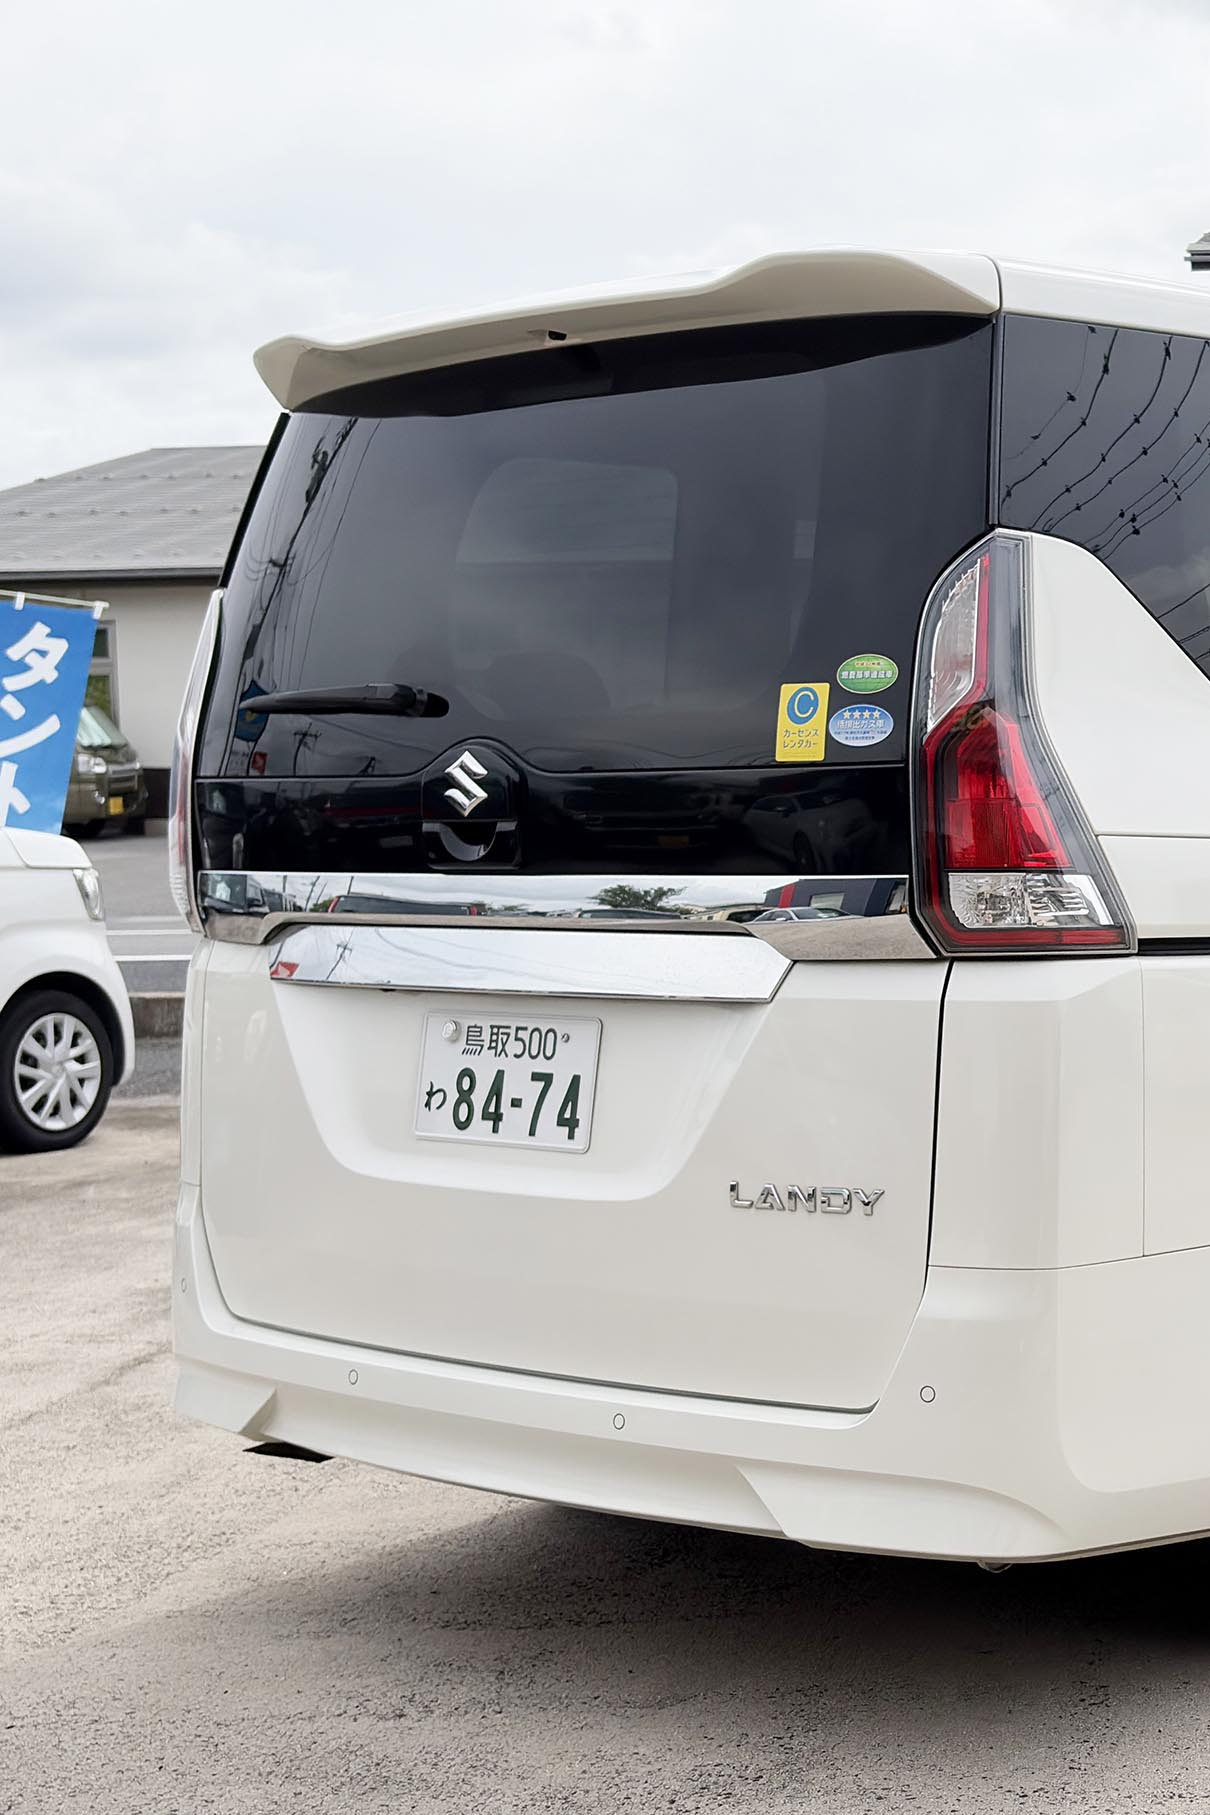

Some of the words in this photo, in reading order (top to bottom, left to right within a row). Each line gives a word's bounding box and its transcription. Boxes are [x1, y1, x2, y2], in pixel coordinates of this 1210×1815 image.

[783, 728, 820, 738] カーセンス
[783, 739, 818, 749] レンタカー
[424, 1081, 447, 1112] わ
[452, 1067, 582, 1140] 84-74
[729, 1180, 886, 1216] LANDY

★ ★ ★ ★ ★

Leave the images out and transcribe the remaining data above word for word.

--- SOLUTION TO THE EXERCISE ---
Some of the words in this photo, in reading order (top to bottom, left to right within a row). Each line gives a word's bounding box and its transcription. Boxes are [x1, y1, x2, y2], in pixel coordinates of this 1210×1815 image.

[783, 728, 820, 738] カーセンス
[783, 739, 818, 749] レンタカー
[424, 1081, 447, 1112] わ
[452, 1067, 582, 1140] 84-74
[729, 1180, 886, 1216] LANDY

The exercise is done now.